Action item:
All the entries need to be quoted exactly, apart from the pictures, which you should drop.

BEGIN Data extracts

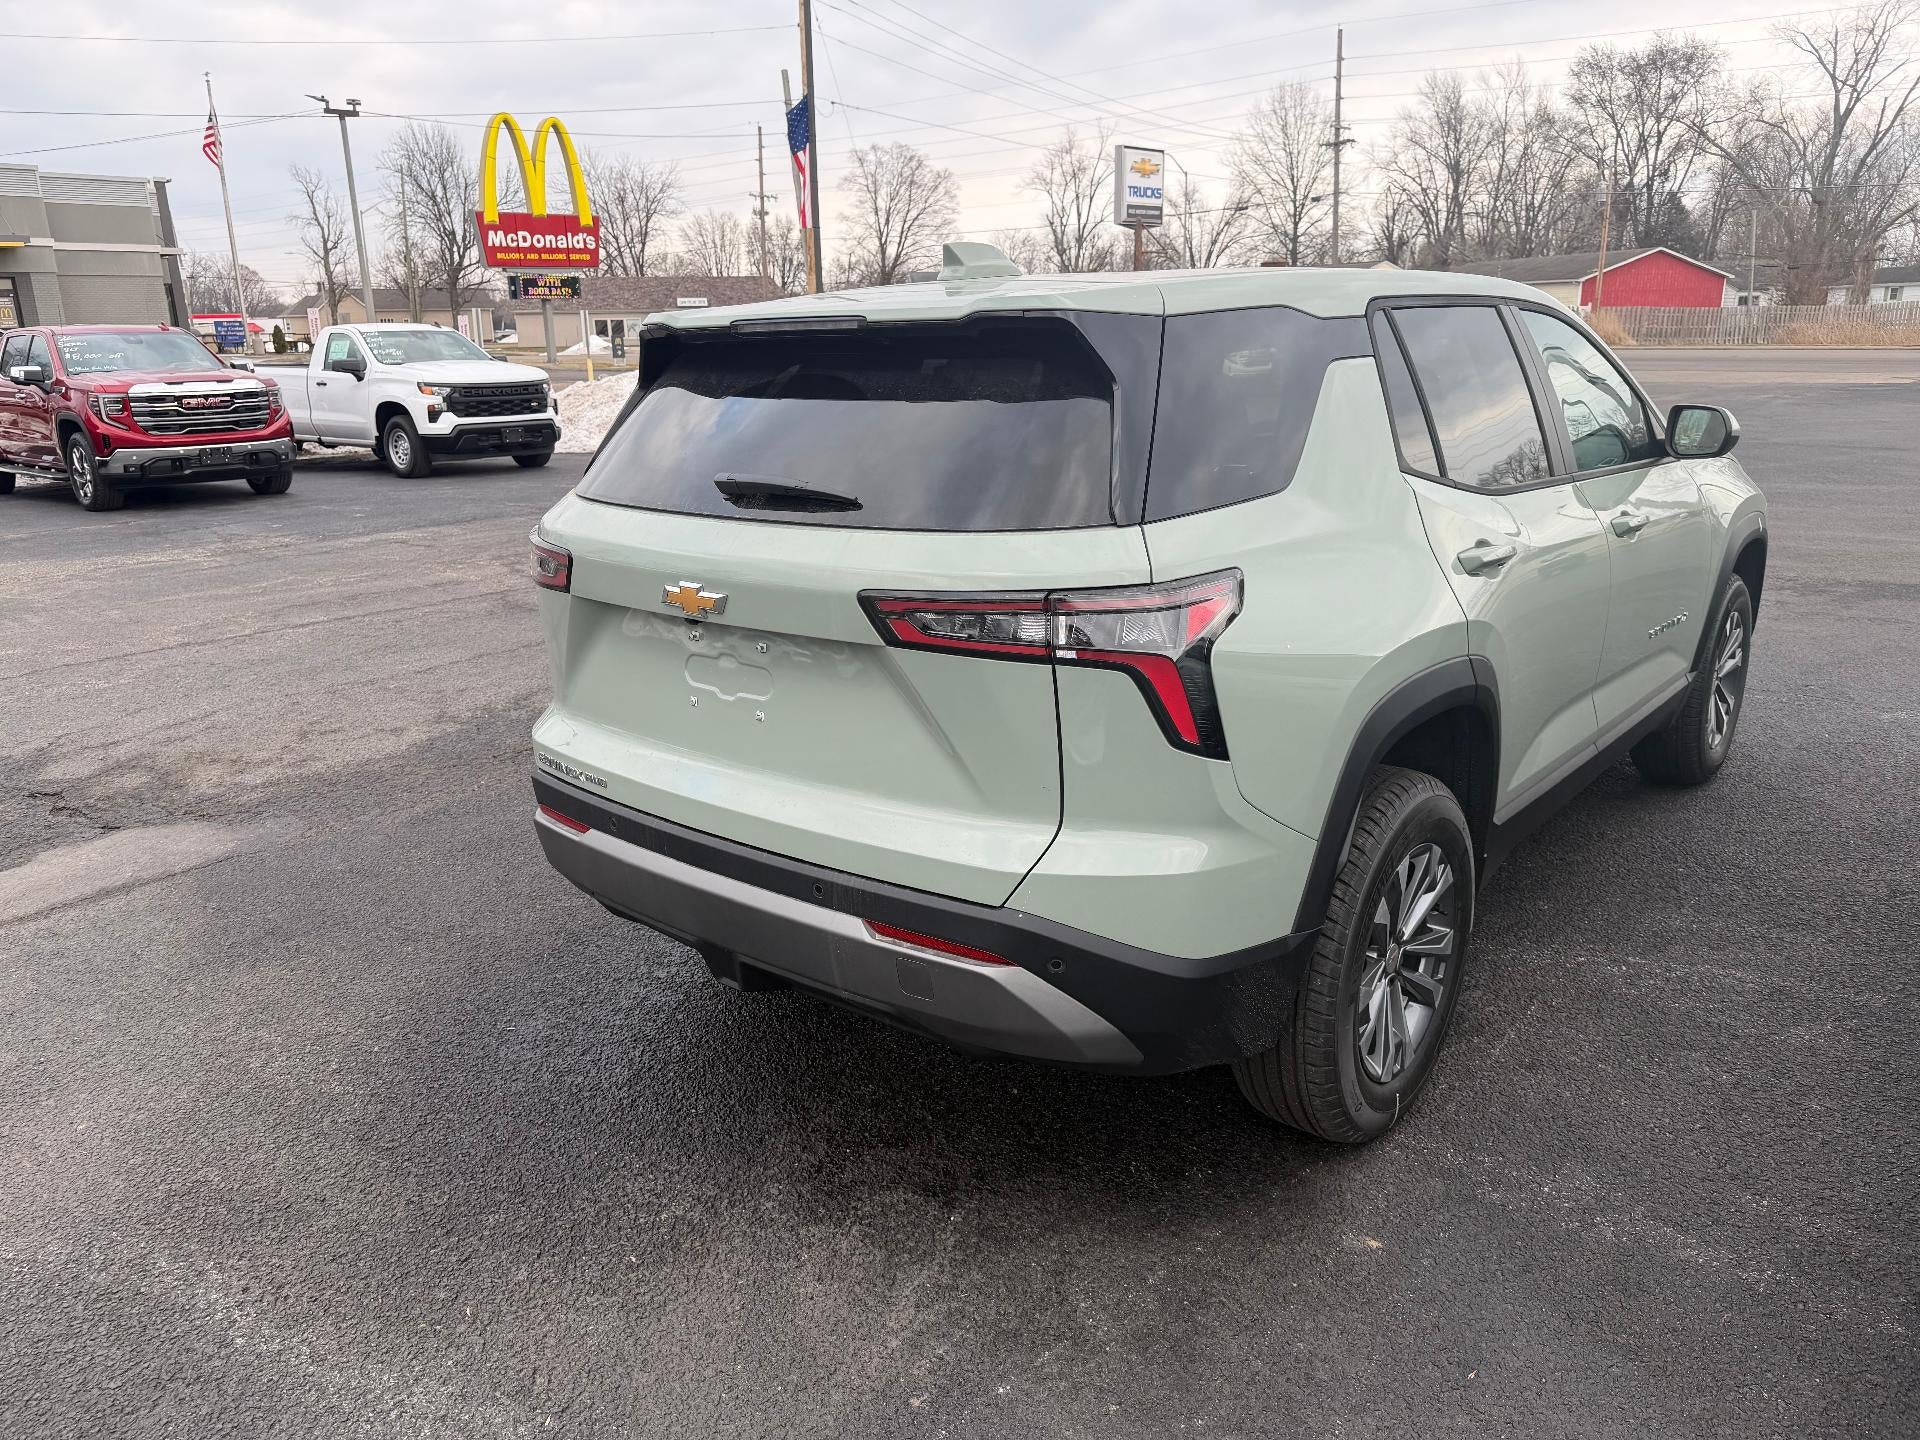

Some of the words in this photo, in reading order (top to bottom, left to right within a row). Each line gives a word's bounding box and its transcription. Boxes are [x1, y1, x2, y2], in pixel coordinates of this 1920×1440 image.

[1128, 185, 1162, 199] TRUCKS
[487, 230, 596, 250] McDonald's
[496, 252, 524, 260] BILLIONS
[569, 253, 591, 261] SERVED
[537, 278, 561, 287] WITH
[528, 287, 550, 295] DOOR
[182, 397, 231, 408] GMC
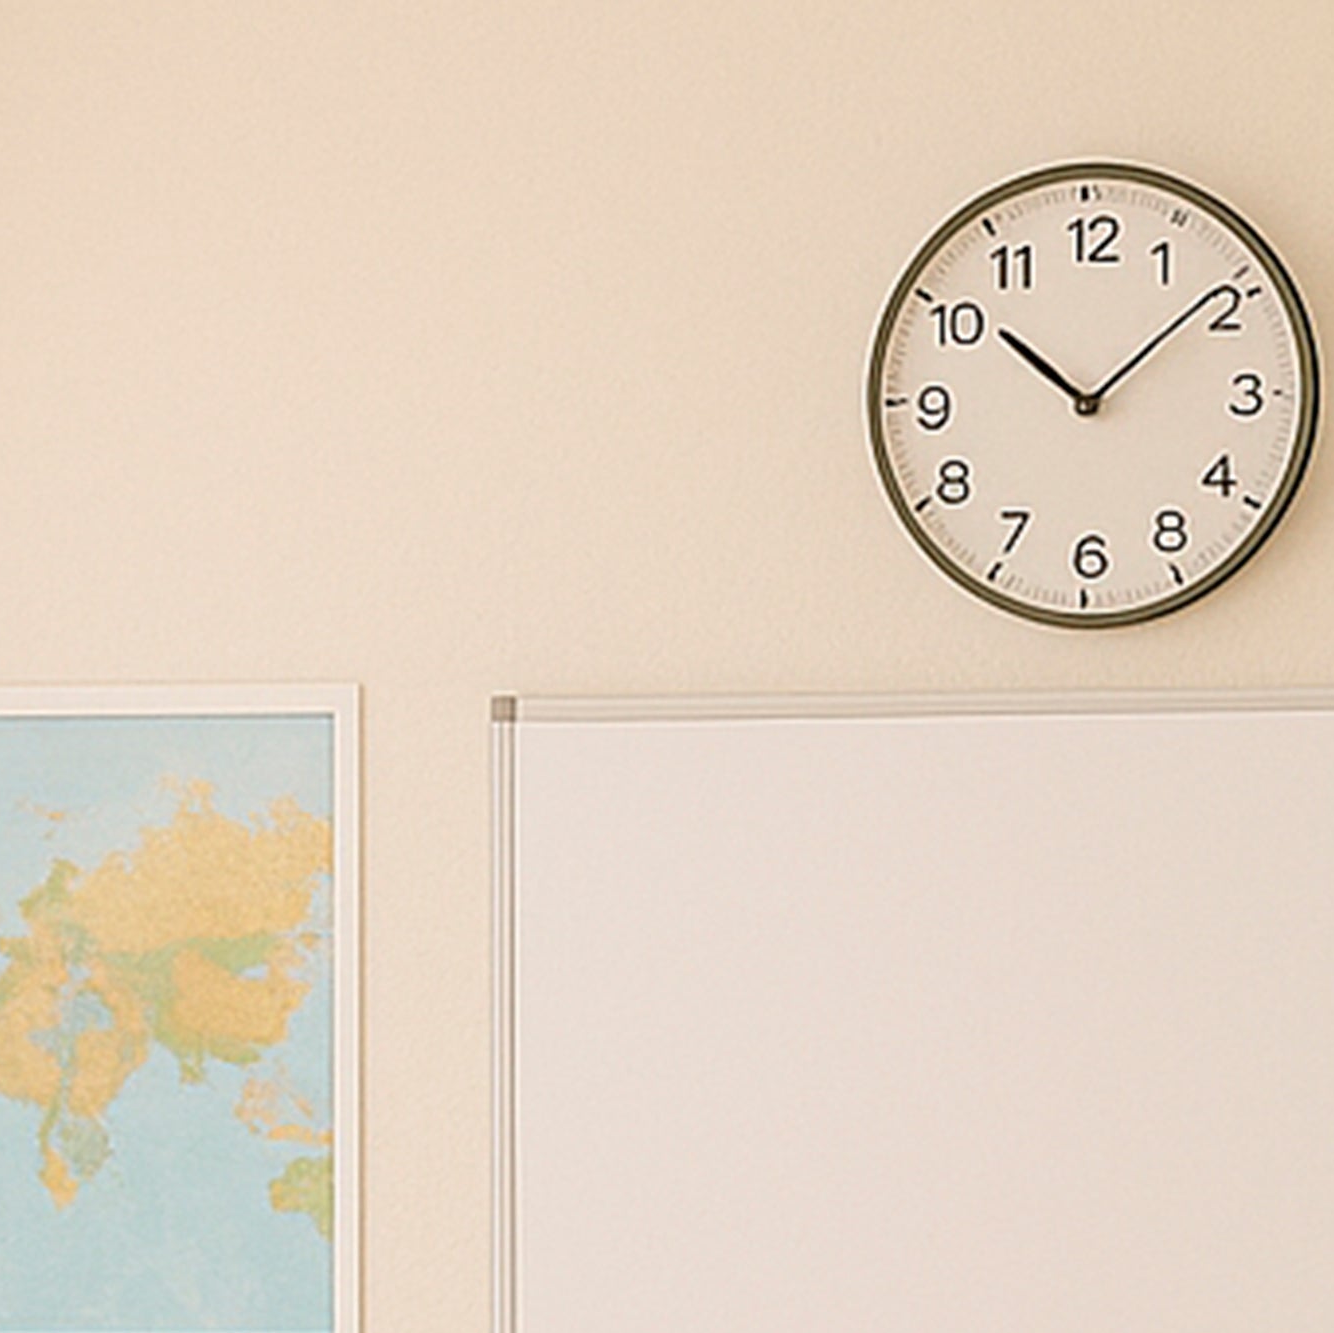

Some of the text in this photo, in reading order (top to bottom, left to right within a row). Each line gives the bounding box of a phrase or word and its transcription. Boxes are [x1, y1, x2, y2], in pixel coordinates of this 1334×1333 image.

[1067, 215, 1120, 263] 12
[990, 245, 1032, 290] 11
[1151, 241, 1169, 286] 1
[930, 301, 985, 346] 10
[1208, 284, 1242, 332] 2
[917, 385, 951, 431] 9
[1229, 373, 1264, 417] 3
[936, 459, 970, 505] 8
[1201, 454, 1238, 498] 4
[1001, 511, 1030, 554] 7
[1153, 510, 1188, 553] 8
[1073, 534, 1109, 580] 6

END Data extracts

Response:
Some of the words in this photo, in reading order (top to bottom, left to right within a row). Each line gives a word's bounding box and its transcription. Boxes are [x1, y1, x2, y2], in pixel coordinates of this 1920×1440 image.

[1128, 185, 1162, 199] TRUCKS
[487, 230, 596, 250] McDonald's
[496, 252, 524, 260] BILLIONS
[569, 253, 591, 261] SERVED
[537, 278, 561, 287] WITH
[528, 287, 550, 295] DOOR
[182, 397, 231, 408] GMC

Some of the text in this photo, in reading order (top to bottom, left to right within a row). Each line gives the bounding box of a phrase or word and its transcription. Boxes are [x1, y1, x2, y2], in pixel coordinates of this 1334×1333 image.

[1067, 215, 1120, 263] 12
[990, 245, 1032, 290] 11
[1151, 241, 1169, 286] 1
[930, 301, 985, 346] 10
[1208, 284, 1242, 332] 2
[917, 385, 951, 431] 9
[1229, 373, 1264, 417] 3
[936, 459, 970, 505] 8
[1201, 454, 1238, 498] 4
[1001, 511, 1030, 554] 7
[1153, 510, 1188, 553] 8
[1073, 534, 1109, 580] 6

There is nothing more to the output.